O suboficial da Marinha Marco Antônio Braga Caldas, condenado a 14 anos de prisão pelos atos golpistas de 8 de janeiro de 2023, pode se tornar o primeiro militar expulso das Forças Armadas por envolvimento nos ataques às sedes dos Três Poderes. A decisão foi comunicada pelo ministro Alexandre de Moraes, do Supremo Tribunal Federal (STF), em despacho enviado à Marinha.

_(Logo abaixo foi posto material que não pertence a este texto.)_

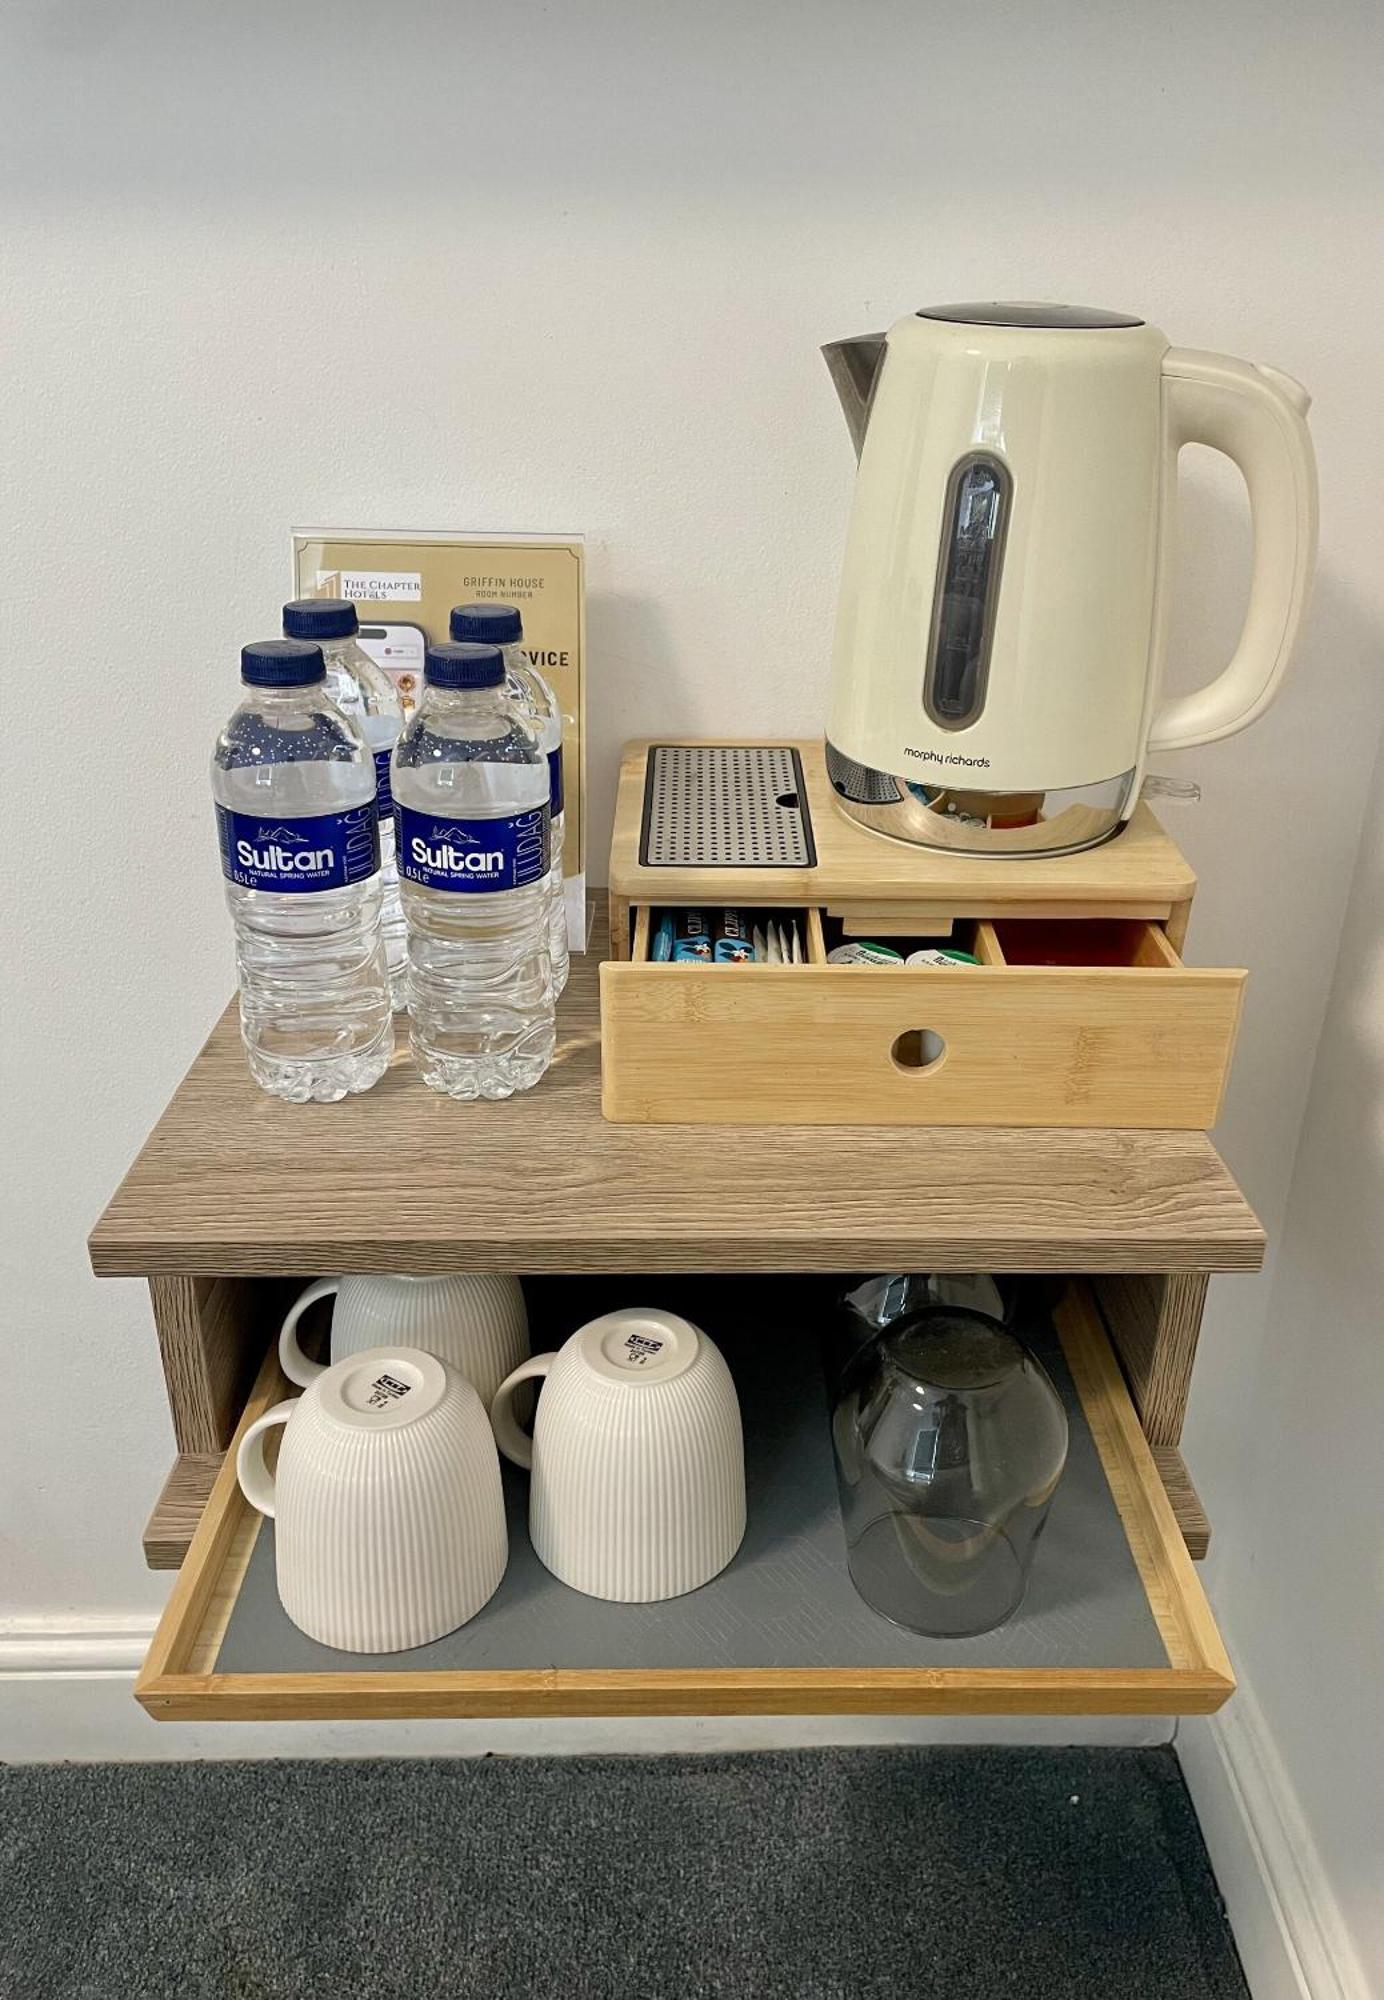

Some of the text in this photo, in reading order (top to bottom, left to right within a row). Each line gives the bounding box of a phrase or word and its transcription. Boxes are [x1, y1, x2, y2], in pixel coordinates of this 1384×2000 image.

[343, 579, 421, 591] THE CHAPTER
[463, 576, 545, 589] GRIFFIN HOUSE
[475, 589, 533, 599] ROOM NUMBER
[903, 747, 991, 768] morphy richards
[236, 840, 335, 872] Sultan
[411, 837, 505, 872] Sultan
[248, 869, 330, 880] NATURAL SPRING WATER
[450, 871, 475, 880] SPRING
[475, 871, 500, 880] WATER
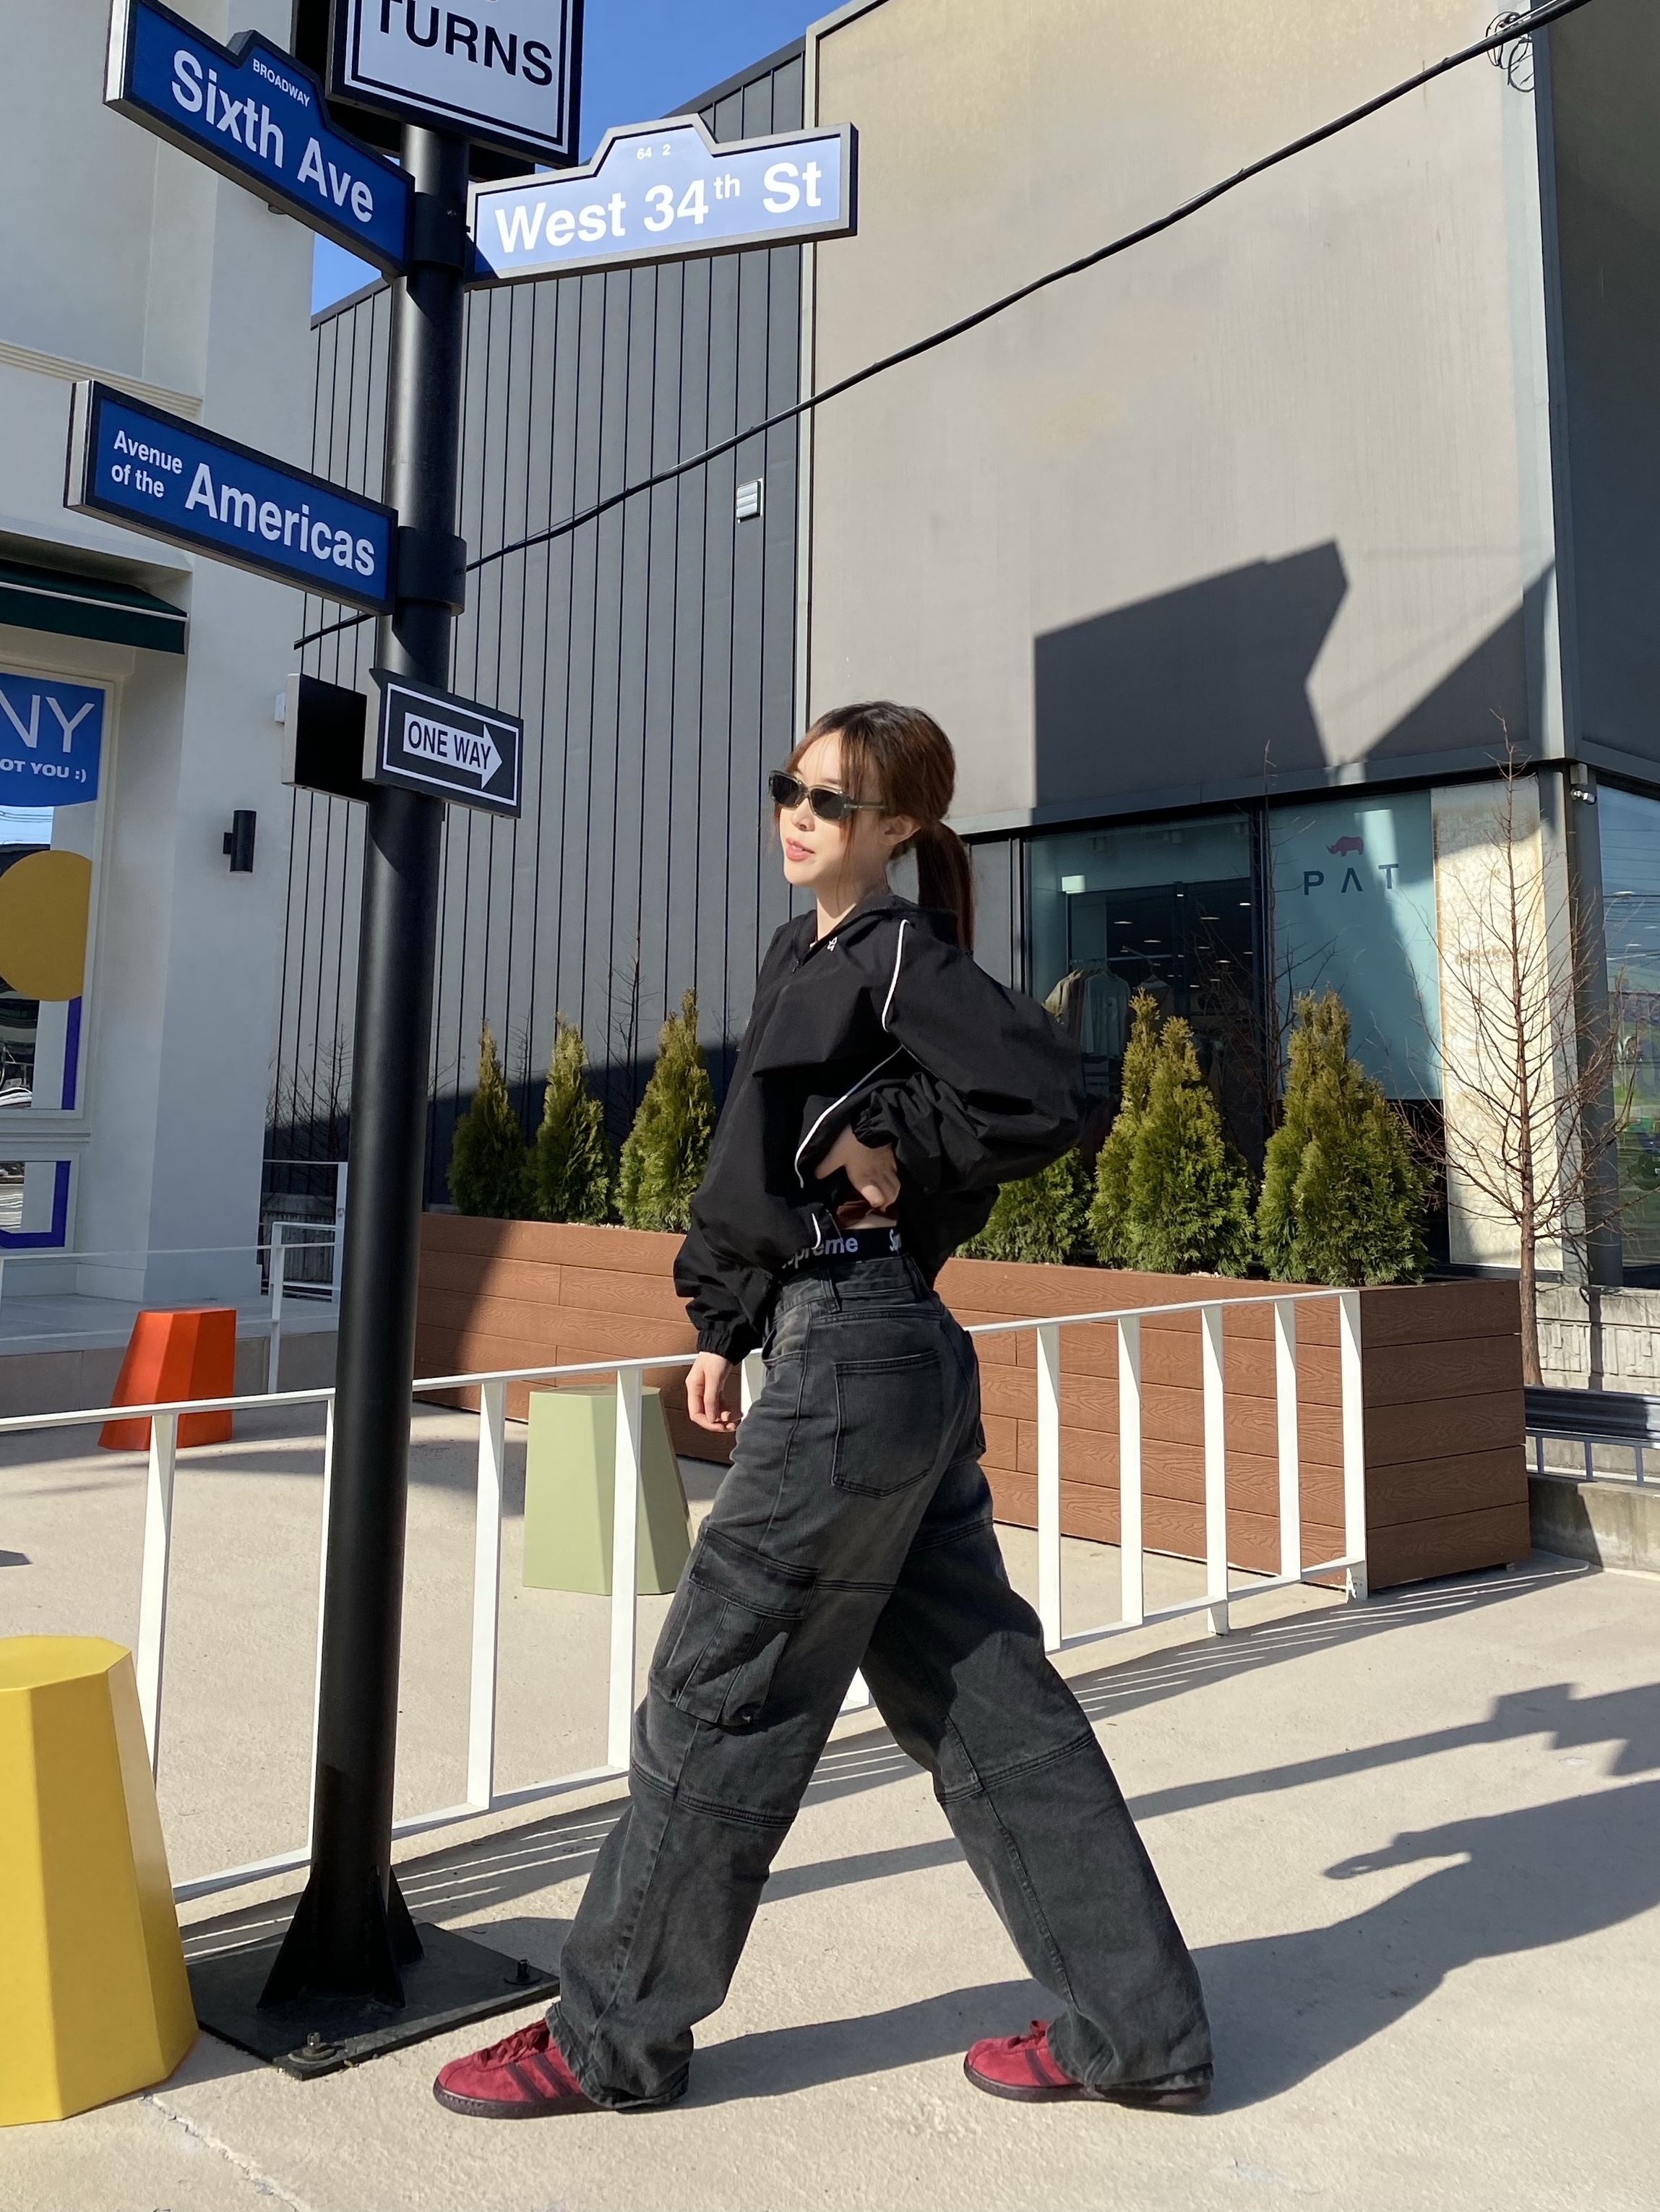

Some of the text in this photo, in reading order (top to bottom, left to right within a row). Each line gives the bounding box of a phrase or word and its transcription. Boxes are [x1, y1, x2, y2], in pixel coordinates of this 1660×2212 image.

[379, 0, 553, 86] TURNS
[252, 59, 311, 108] BROADWAY
[171, 48, 374, 223] Sixth Ave
[637, 143, 671, 160] 64 2
[495, 161, 822, 254] West 34th St
[113, 430, 183, 474] Avenue
[111, 464, 165, 498] of the
[185, 462, 376, 577] Americas
[408, 720, 491, 770] ONE WAY
[30, 762, 69, 778] YOU
[74, 768, 87, 783] :)

A condenação, que também inclui o bloqueio de bens e valores, visa ressarcir prejuízos ao patrimônio público. De acordo com o Código Penal Militar, uma sentença privativa de liberdade superior a dois anos implica na exclusão do condenado dos quadros das Forças Armadas. Com o trânsito em julgado, a Marinha deverá iniciar o processo de exclusão.
Caldas, atualmente na reserva remunerada, perderá todos os direitos conquistados durante sua carreira, incluindo a graduação de suboficial. Entretanto, seus dependentes continuarão recebendo o salário dele por meio do benefício conhecido como “morte ficta”, que garante a continuidade dos pagamentos à família em casos de exclusão ou condenação do militar.
A Marinha ainda não se posicionou sobre o caso, e a defesa de Caldas não foi encontrada para comentar a decisão.